The idea worked, but it didn’t take long for drug developers and IP owners to realize they could do for themselves what PDL Biopharma was doing with other organizations’ research. Fruitful deals started to dry up just a couple of years ago, crimping revenue and earnings. But the dust finally seems to have settled, with supply and demand of marketable drugs and royalty rights finally reaching a balance. And once again, PDL Biopharma has a compelling future.
There’s still some risk to shareholders: namely, the trappings of owning a small-cap company and a low-priced stock.
Regeneron Pharmaceuticals isn’t the first name investors flock to when they start their search for biotech stocks, but maybe it should be. The company is not only profitable (and consistently so), but revenues and earnings have been growing steadily since 2012 when macular degeneration treatment Eylea was first approved. Since then, approvals in more and more countries has bolstered its organic growth.

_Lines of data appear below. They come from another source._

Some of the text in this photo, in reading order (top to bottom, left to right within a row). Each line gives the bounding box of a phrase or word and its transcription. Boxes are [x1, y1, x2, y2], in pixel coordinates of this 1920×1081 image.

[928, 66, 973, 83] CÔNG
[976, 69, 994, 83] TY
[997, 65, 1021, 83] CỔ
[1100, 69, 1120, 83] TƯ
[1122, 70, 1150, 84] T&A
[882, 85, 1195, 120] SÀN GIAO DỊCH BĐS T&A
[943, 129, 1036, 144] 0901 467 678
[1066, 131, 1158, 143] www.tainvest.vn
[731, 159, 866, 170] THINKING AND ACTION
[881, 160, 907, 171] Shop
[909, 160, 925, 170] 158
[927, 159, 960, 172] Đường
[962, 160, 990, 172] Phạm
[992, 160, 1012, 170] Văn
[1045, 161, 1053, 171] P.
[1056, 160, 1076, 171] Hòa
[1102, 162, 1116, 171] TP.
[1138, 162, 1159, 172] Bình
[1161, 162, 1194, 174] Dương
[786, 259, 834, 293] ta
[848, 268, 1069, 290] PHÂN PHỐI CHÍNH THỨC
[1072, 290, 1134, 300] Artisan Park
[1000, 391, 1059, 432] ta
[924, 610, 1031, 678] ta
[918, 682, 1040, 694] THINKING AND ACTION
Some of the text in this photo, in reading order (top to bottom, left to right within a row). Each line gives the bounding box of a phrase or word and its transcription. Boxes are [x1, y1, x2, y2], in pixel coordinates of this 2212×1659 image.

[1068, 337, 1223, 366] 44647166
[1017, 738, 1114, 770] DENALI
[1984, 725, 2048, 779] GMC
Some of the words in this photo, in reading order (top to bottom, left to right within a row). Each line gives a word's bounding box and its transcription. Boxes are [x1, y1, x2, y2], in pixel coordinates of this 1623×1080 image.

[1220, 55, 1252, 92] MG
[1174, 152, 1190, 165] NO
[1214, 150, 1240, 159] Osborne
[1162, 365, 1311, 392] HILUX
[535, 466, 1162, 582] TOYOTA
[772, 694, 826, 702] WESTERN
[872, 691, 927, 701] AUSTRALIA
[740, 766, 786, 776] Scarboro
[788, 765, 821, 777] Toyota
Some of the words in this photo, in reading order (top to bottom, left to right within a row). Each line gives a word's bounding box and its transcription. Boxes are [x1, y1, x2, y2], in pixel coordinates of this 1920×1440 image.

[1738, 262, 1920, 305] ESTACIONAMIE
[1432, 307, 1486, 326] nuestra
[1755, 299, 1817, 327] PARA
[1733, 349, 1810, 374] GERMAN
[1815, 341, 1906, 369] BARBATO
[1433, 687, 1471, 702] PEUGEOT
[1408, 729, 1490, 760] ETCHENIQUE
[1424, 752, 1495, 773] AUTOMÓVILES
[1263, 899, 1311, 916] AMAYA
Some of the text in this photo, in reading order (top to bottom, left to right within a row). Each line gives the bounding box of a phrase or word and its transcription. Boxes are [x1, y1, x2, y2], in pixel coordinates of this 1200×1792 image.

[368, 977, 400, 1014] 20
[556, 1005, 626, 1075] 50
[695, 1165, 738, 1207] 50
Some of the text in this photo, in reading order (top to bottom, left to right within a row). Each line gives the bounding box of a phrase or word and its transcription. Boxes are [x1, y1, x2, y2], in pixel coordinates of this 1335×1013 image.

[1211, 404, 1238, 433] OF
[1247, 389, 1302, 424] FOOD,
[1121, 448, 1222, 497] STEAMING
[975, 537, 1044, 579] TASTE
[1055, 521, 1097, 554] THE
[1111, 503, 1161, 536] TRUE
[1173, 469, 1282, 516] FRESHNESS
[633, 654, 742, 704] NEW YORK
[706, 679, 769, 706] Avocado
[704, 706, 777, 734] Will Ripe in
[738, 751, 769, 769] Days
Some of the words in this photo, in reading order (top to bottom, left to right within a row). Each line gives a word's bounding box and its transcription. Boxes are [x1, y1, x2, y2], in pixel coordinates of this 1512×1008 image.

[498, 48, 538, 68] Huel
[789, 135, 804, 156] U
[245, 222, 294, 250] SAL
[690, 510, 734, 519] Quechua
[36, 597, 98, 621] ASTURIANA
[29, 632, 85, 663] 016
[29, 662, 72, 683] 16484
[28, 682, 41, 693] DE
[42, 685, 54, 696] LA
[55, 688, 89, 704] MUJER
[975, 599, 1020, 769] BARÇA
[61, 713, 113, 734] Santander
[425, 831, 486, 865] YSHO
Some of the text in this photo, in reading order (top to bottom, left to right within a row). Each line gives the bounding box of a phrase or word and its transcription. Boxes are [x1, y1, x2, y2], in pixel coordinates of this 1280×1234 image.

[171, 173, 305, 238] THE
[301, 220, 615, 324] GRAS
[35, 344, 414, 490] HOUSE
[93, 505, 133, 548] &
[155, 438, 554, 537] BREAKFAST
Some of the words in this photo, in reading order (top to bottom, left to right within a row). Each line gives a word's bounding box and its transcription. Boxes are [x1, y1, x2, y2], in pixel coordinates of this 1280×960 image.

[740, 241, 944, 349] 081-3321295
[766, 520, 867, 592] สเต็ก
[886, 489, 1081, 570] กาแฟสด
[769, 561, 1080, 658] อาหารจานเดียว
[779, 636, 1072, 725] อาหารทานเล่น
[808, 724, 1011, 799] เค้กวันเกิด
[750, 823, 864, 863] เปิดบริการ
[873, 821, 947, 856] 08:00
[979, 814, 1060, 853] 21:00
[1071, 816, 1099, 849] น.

Eylea isn’t the only Regeneron drug driving meaningful sales. Eczema treatment Dupixent, co-owned by France’s Sanofi (SNY), was approved early last year and also has seen strong uptake. Dupixent added $209 million to the top line last quarter, while Eylea added nearly $1.7 billion in revenue to the mix.
On the surface, REGN might seem risky given that one drug accounted for the bulk of the company’s sales, and that said drug is now facing credible competition from Swiss healthcare giant Roche (RHHBY). But the company has a sizable pipeline, with numbers where it counts: six Phase III trials underway. Some of those trials are looking to expand approved uses of Eylea, for conditions such as diabetic eye disease. The fact Eylea already is approved for other illnesses makes it easier for regulators to green-light other applications.
Morningstar sector strategist Karen Andersen opines, “[Regeneron’s] partners have an ambitious strategy to bring several candidates into trials each year, which should provide Regeneron with more shots at further product revenue. Although Regeneron will undoubtedly encounter challenges in trials and on the market, we think its diverse pipeline, strong commercialization partners, and scientific leadership should comfort investors.”
iShares Nasdaq Biotechnology ETF
We’ve eschewed alphabetical order for this final analysis, given that it’s so different from the others.
If you believe in biotech stocks but don’t want the risk of (or the burden of picking) one or two companies, the simplest solution is a great one: Buy them all. The iShares Nasdaq Biotechnology ETF does the job nicely.
Some of its top holdings should ring a bell. They include Amgen, Celgene and Regeneron – all names that earned a spot on this list of low-risk biotech stocks. The IBB also owns Biogen (BIIB), Gilead Sciences (GILD) and EpiPen maker Mylan (MYL), rounding out a proverbial dream team of biotechnology stocks.
An ETF mitigates some company-specific risk. A bet on IBB is a bet on the industry as a whole. So, what does the overall outlook look like for biotech?
The backdrop is admittedly alarming. Expensive drugs are a huge part of the reason healthcare has become debilitatingly expensive. Although early regulatory efforts to cull those costs have been problematic, health-care-related politics aren’t going away.
But for all that turbulence, the biotechnology industry’s per-share profit growth for the past three years has outpaced that of any other healthcare branch. Biotech’s bottom line has improved at an average pace of 18% annually, despite all these concerns. That shows you just how shielded the industry truly is.